There are additional SkyProj specific customization options that are not controlled via the matplotlib RC parameter dictionary. These include the number of grid lines in the longitude and latitude direction, as well as minimum spacing between latitude tick labels to help prevent label clashes. These options are controlled at initialization time via keyword parameters, and include:

  • longitude_ticks: Label longitude ticks from 0 to 360 degrees (positive) or from -180 to 180 degrees (symmetric).

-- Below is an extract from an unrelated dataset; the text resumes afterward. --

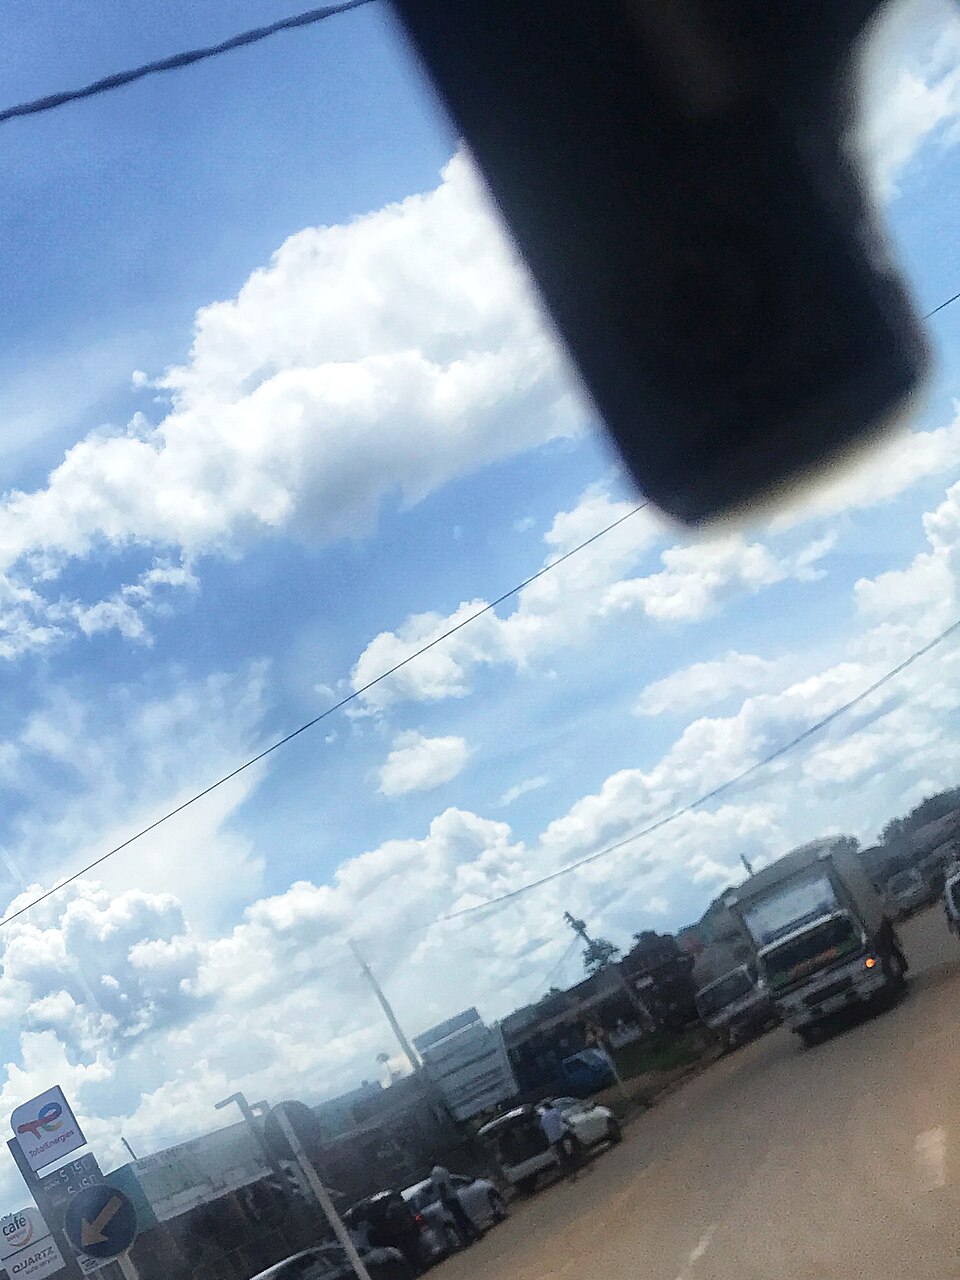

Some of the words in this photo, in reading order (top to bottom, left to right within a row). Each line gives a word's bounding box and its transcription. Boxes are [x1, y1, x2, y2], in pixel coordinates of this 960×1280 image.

  • n_grid_lon: The number of grid lines to use in the longitude direction (x in rectangular-style projections). The default is the axis ratio of the plot multiplied by the number of latitude grid lines.

  • n_grid_lat: The number of grid lines to use in the latitude direction (y in rectangular-style projections). The default is 6 lines.

  • min_lon_ticklabel_delta: The minimum relative spacing between longitude tick labels (relative to the width of the axis). Smaller values yield closer tick labels (and the potential for clashes), and larger valus yield more spacing between tick labels.